Matrilineage [umbilicus]

                                      the first inheritance      a puncture wound:

                                where you detach from      your mother

                                              an undug grave      call it provenance

                               In one language named       life source      هوى

                            eve. the period preceding      some say wife/mother of [  ]

                                        but origin can’t be        tethered to consequence

                                                        an oculus       doomed to gape before a mirror

                                 my abdomen rounded        a line appeared

                                          from navel to sex        linea nigra

                                        text appeared      ا         the first letter

                                                              abjad         inferred,      ا

                                                    mammalian       I, matriline

                                        I did not want this        look how

                                                     it appeared       I multiplied

                                                  from figment       I bore

                                                            witness:      your body

Credit

From THEOPHANIES (Alice James Books, 2024).
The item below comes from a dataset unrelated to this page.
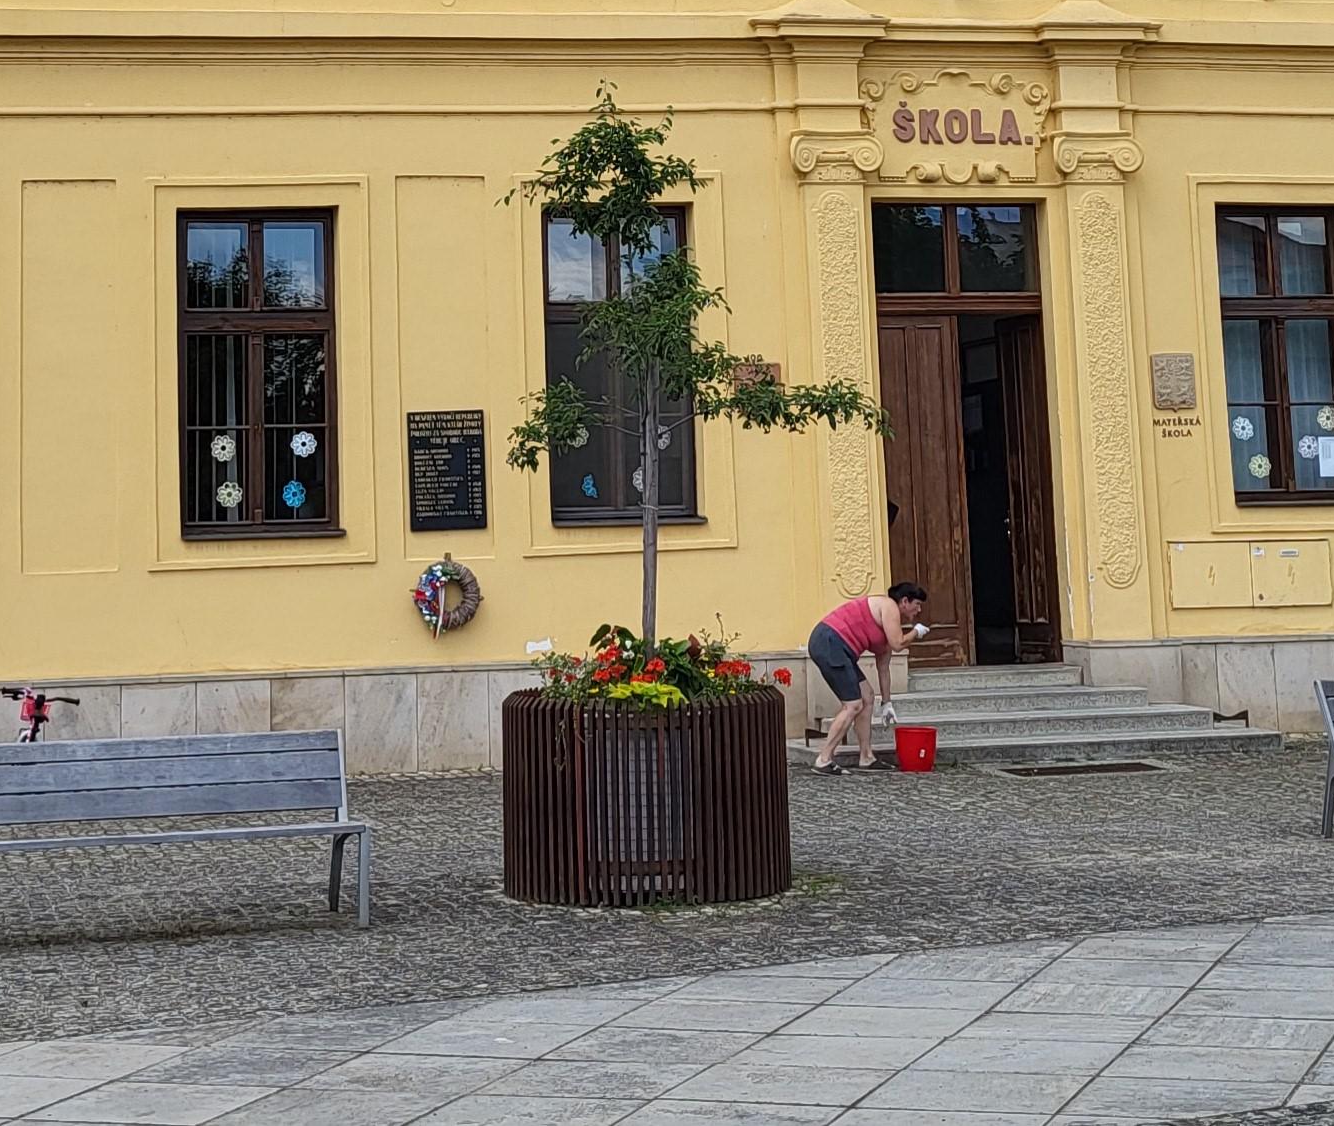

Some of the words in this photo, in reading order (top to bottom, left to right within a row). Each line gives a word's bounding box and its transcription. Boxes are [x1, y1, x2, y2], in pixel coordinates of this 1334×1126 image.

[892, 101, 1034, 145] ŠKOLA.
[1152, 415, 1201, 426] MATEŘSKÁ
[1162, 428, 1192, 438] ŠKOLA
Copyright © 2023 by Sarah Ghazal Ali. Used with the permission of the publisher. Originally published in Poem-a-Day on October 27, 2023, by the Academy of American Poets

About this Poem

“This is the first in a sequence of ‘Matrilineage’ poems, all preoccupied with the mother line. It began—as many believe we all began—with Eve. Eve, who has no mother but mothers; Eve, whose name heralds her fate. The poem found its form early on during my first pregnancy, when my voice and body felt least like they belonged wholly to me. Many women are speaking here, tugging the cord, and the way I chose to read this poem is not the only way but one of many.”